N Engl J Med 2012 Mar 1; 366:808
Making Smoking Cessation Stick: Nicotine-Replacement Patches in Pregnancy
A randomized trial failed to show long-term benefit.
Smoking during pregnancy is the leading preventable cause of maternal and neonatal morbidity. Although nicotine-replacement therapy has been demonstrated to be safe and effective in nonpregnant women, its role in promoting smoking cessation in pregnant women remain unclear. A multicenter, randomized controlled trial was conducted to compare the use of standard-dose nicotine patches or placebo patches among 1050 pregnant smokers in the U.K., who also received behavioral counseling.
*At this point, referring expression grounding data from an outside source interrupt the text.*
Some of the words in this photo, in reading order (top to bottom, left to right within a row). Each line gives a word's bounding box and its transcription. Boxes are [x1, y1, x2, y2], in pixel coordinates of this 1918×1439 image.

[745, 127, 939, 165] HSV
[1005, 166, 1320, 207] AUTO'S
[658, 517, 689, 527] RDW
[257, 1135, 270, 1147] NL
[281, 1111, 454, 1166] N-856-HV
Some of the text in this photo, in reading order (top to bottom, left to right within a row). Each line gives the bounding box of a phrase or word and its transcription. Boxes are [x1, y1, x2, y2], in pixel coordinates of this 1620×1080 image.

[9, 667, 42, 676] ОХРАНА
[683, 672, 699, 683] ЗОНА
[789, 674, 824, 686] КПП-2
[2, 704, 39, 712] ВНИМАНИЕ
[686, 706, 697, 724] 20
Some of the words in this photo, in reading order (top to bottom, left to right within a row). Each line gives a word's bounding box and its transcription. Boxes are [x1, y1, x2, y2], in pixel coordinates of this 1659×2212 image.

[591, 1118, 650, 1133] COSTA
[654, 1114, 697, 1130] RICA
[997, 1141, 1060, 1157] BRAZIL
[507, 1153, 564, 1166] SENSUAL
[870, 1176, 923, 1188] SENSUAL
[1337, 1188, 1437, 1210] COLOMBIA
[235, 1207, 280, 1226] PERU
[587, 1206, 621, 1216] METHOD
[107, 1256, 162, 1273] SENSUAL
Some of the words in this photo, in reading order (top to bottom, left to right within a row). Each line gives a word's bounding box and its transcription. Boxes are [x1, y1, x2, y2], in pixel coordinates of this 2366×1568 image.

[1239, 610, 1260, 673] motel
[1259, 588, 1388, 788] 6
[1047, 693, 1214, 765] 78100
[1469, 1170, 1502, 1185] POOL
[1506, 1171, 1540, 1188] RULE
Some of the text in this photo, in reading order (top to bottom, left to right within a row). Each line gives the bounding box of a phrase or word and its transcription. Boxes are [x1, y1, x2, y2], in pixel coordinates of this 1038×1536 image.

Women assigned to nicotine or placebo patches were equally likely to abstain from smoking between their quit date and delivery (9.4% vs. 7.6%), as measured by self-report and validated by exhaled carbon monoxide and salivary cotinine concentrations. Abstinence rates 1 month after the quit date were higher in the nicotine group than the placebo group (21% vs. 12%), but rates of adherence beyond the first month were low in both groups (7.2% and 2.8%). Gestational age, birth weight, and occurrence of perinatal death did not differ between groups.
Comment: Better strategies to curb tobacco use during pregnancy could reduce the burden of adverse pregnancy outcomes globally. In addition, longer-term abstinence would favorably affect the health of families more broadly. Unfortunately, rates of abstinence and adherence in this trial were woefully low. Whether higher doses of nicotine replacement might prove efficacious remains unknown, but the data do not support the use of standard-dose nicotine-replacement patches to promote smoking cessation during pregnancy. Clinicians should bear in mind that behavioral support for smoking cessation was provided to all women in this study; sadly, these proven interventions are neither uniformly accessible nor uniformly provided to pregnant women in the U.S.
Allison Bryant, MD, MPH Published in Journal Watch Women's Health February 29, 2012
Citation(s):Coleman T et al. A randomized trial of nicotine-replacement therapy patches in pregnancy. N Engl J Med 2012 Mar 1; 366:808. (http://dx.doi.org/10.1056/NEJMoa1109582)
Oncken C. Nicotine replacement for smoking cessation during pregnancy. N Engl J Med 2012 Mar 1; 366:846. (http://dx.doi.org/10.1056/NEJMe1200136)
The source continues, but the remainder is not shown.